See HFDPs Chapter 2.

Go4 description: Define a one-to-many dependency between objects so that when one object changes state, all its dependents are notified and updated automatically.

Diagram

Decorator

See HFDPs Chapter 3

Go4 description: Attach additional responsibilities to an object dynamically. Decorators provide a flexible alternative to subclassing for extending functionality.
Diagram

Design Principle: The Open-Closed Principle

This principle is illustrated well by the decorator pattern; we covered it in the design lectures but will revisit it now.

Factories

See HFDPs Chapter 4.

  • a Simple Factory is any method that makes objects of more than one possible class.
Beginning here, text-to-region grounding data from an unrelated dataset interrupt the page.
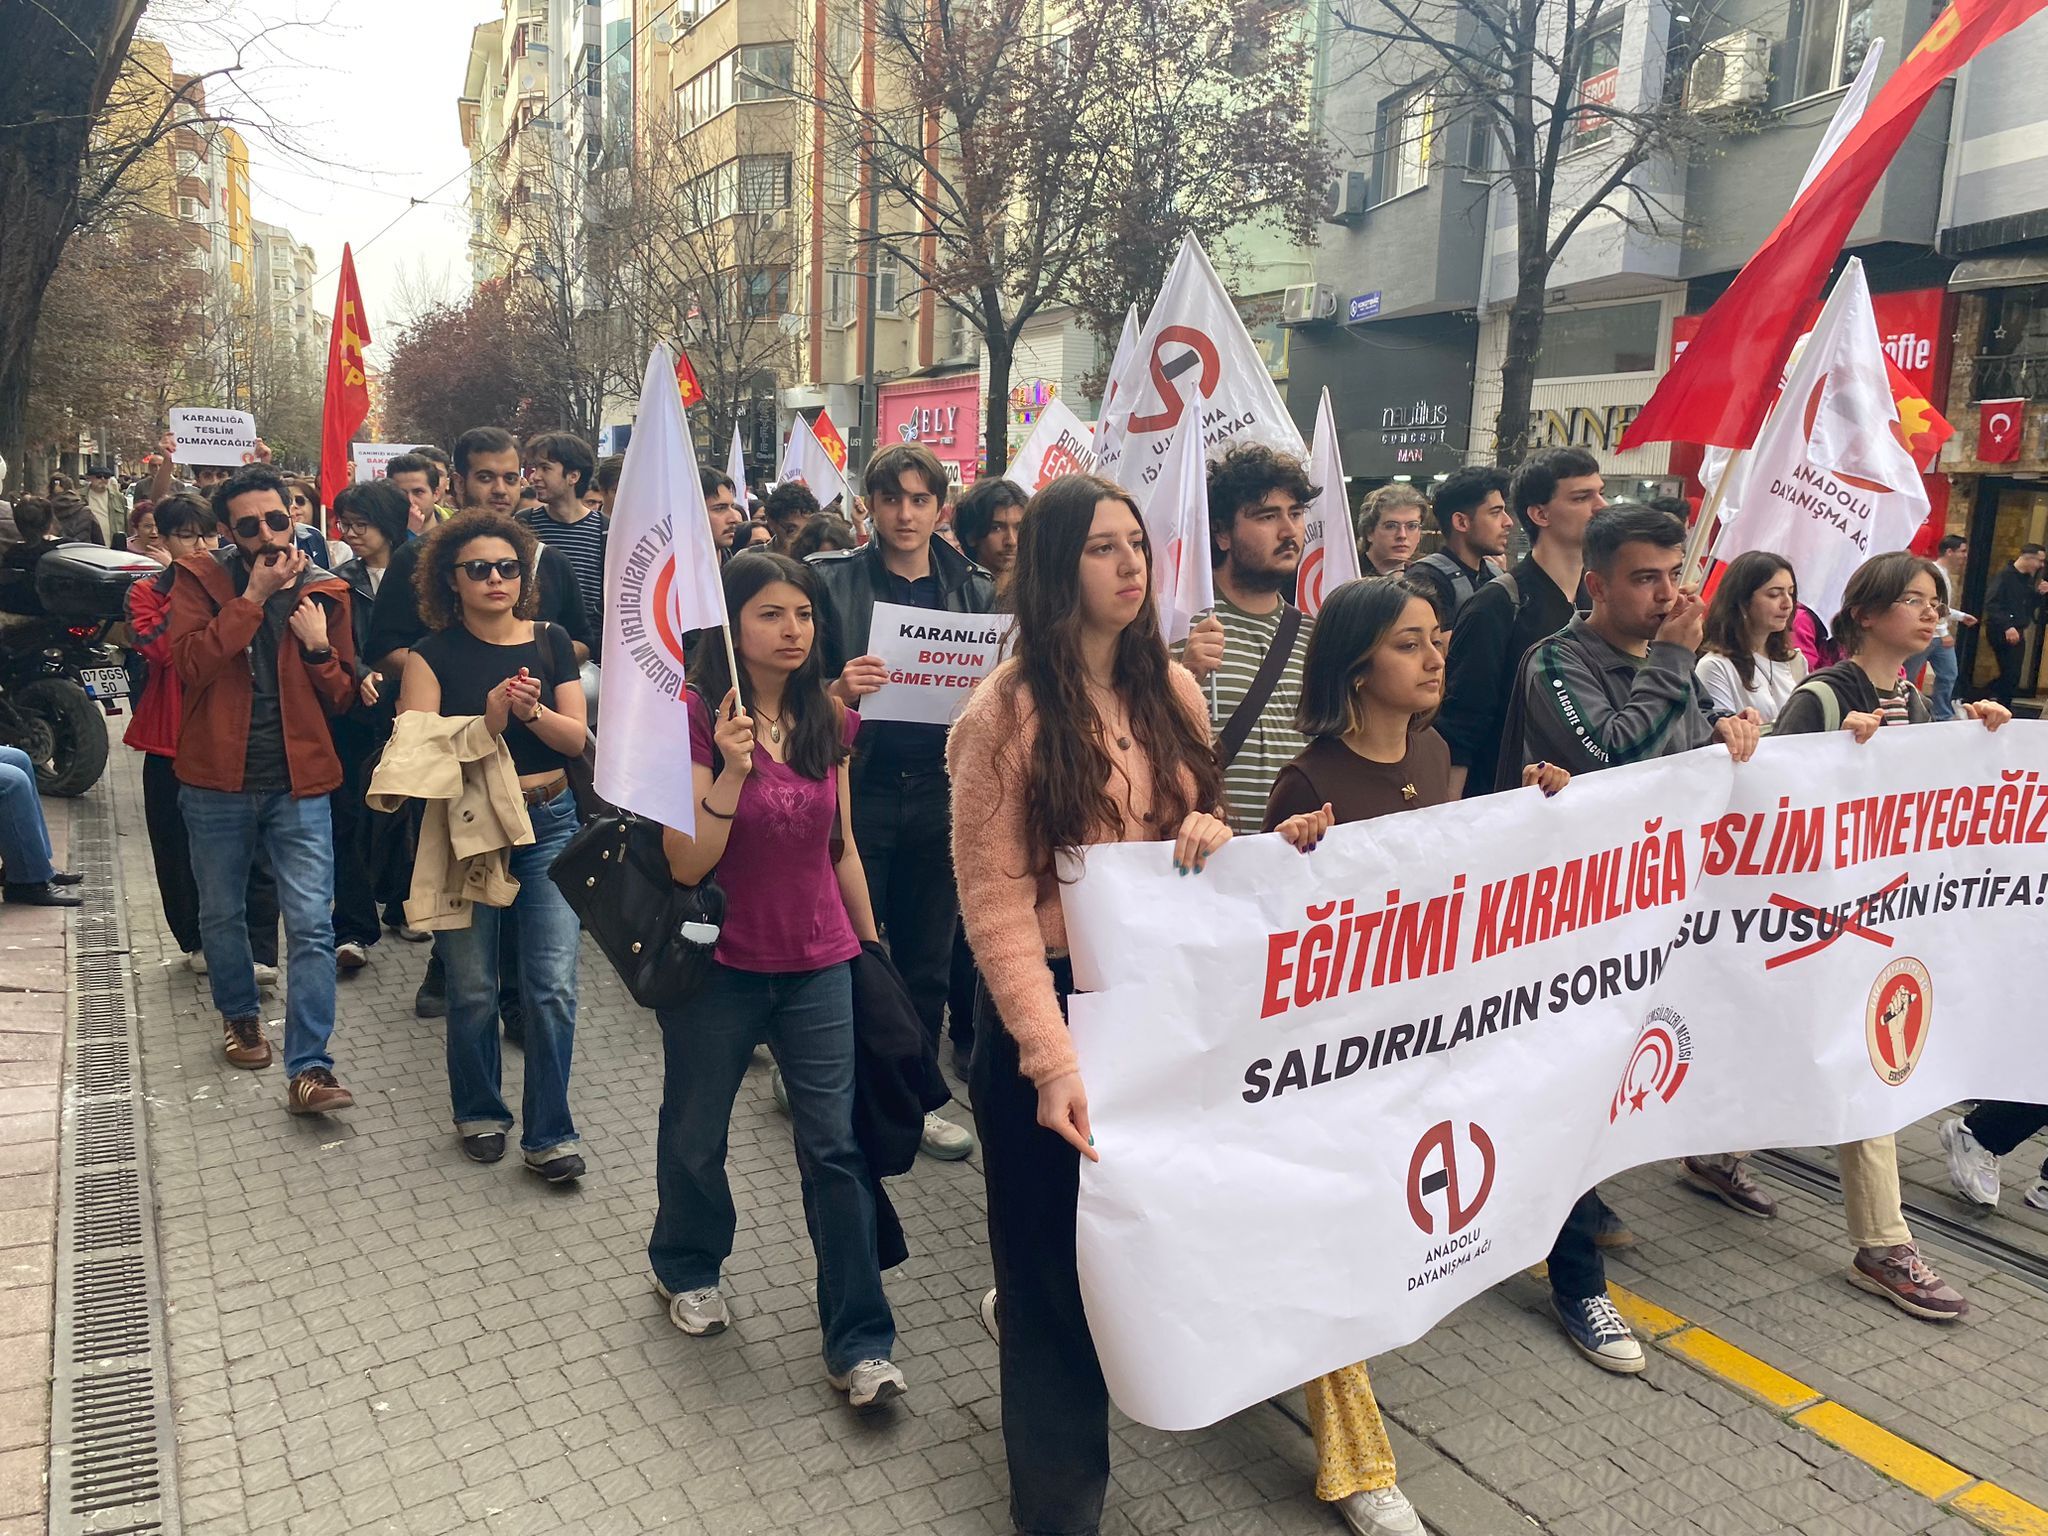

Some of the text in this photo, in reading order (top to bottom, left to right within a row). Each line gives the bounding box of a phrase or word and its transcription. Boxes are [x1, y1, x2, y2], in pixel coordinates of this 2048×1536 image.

[1880, 333, 1931, 370] öfte
[182, 414, 244, 424] KARANLIĞA
[195, 426, 234, 435] TESLİM
[1382, 400, 1448, 427] nautilus
[1490, 404, 1644, 450] ENNE
[1397, 448, 1423, 462] MAN
[1770, 479, 1847, 533] DAYANIŞMA
[1792, 463, 1872, 520] ANADOLU
[82, 668, 124, 682] 07 GGS
[918, 650, 984, 667] BOYUN
[101, 681, 117, 693] 50
[888, 669, 981, 688] ĞMEYECE
[1556, 689, 1581, 726] LACOSTE
[1260, 873, 1467, 1020] EĞİTİMİ
[1472, 816, 1687, 964] KARANLIĞA
[1834, 769, 2048, 870] ETMEYECEĞİZ
[1242, 981, 1542, 1104] SALDIRILARIN
[1731, 900, 1852, 944] YUSUF
[1856, 875, 1931, 931] TEKİN
[1932, 867, 2048, 914] İSTİFA!
[1425, 1227, 1481, 1264] ANADOLU
[1408, 1239, 1493, 1292] DAYANIŞMA AĞI
Book example with pizzas.
  • Also there are two official design patterns, Factory Method and Abstract Factory. General issues with factories:

    Factory Method

    A factory method is a generalization of a simple factory:
    • There is a superclass or interface which has the factory or method declared
    • Subclasses or implementers specialize this factory to create the kinds of objects they need

    Go4 description: Define an interface for creating an object, but let subclasses decide which class to instantiate. Factory Method lets a class defer instantiation to subclasses.
    Diagram

    • Pizza example in HFDPs
    • Example in Swing: createDefaultModel() in JtextField is a factory method to return a default model for your input field; you can override this in your subclass MyJTextField of JTextField to create your own model for the textfield, which e.g. allows integer inputs only. (This example is a slight variation on the pattern in that that the FactoryMethod is not abstract in the superclass; instead, it has a default behavior which can be overridden).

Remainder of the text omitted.